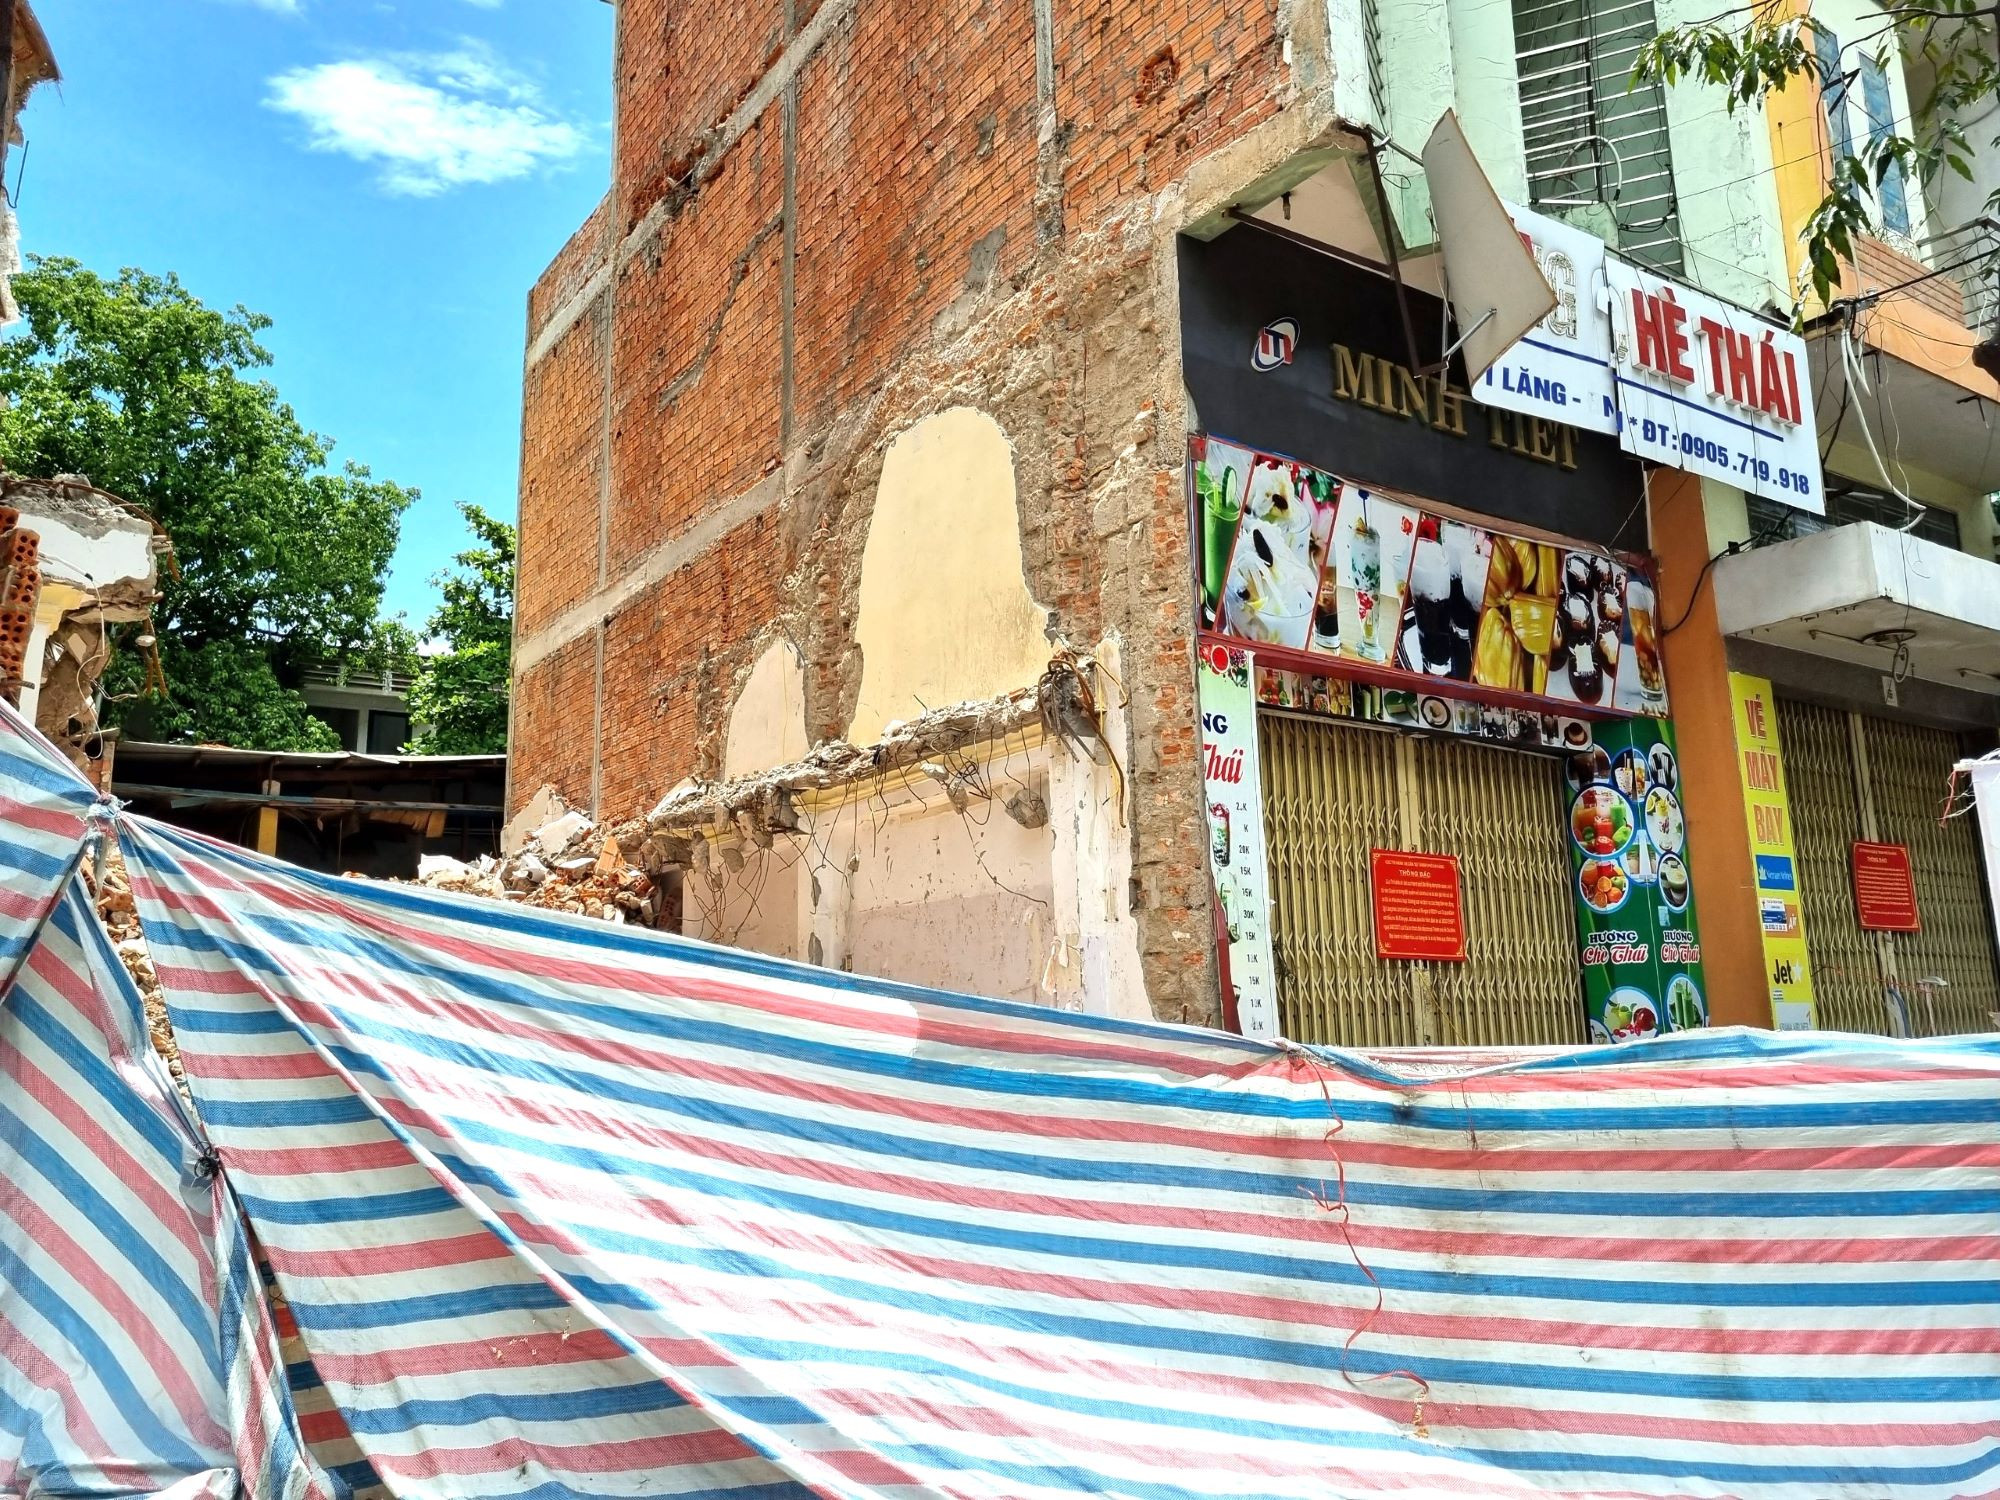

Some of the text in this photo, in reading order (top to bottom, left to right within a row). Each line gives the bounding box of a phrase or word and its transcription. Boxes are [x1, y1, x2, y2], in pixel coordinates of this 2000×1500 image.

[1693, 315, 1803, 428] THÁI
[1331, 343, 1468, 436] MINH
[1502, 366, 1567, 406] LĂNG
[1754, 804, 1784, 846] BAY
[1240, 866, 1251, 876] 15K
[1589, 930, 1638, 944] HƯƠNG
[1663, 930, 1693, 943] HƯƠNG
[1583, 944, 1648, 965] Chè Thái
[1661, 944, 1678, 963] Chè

##############################

→ What is expected: All records should be output exactly, with the pictures left out.

→ Solution:
Some of the text in this photo, in reading order (top to bottom, left to right within a row). Each line gives the bounding box of a phrase or word and its transcription. Boxes are [x1, y1, x2, y2], in pixel coordinates of this 2000×1500 image.

[1693, 315, 1803, 428] THÁI
[1331, 343, 1468, 436] MINH
[1502, 366, 1567, 406] LĂNG
[1754, 804, 1784, 846] BAY
[1240, 866, 1251, 876] 15K
[1589, 930, 1638, 944] HƯƠNG
[1663, 930, 1693, 943] HƯƠNG
[1583, 944, 1648, 965] Chè Thái
[1661, 944, 1678, 963] Chè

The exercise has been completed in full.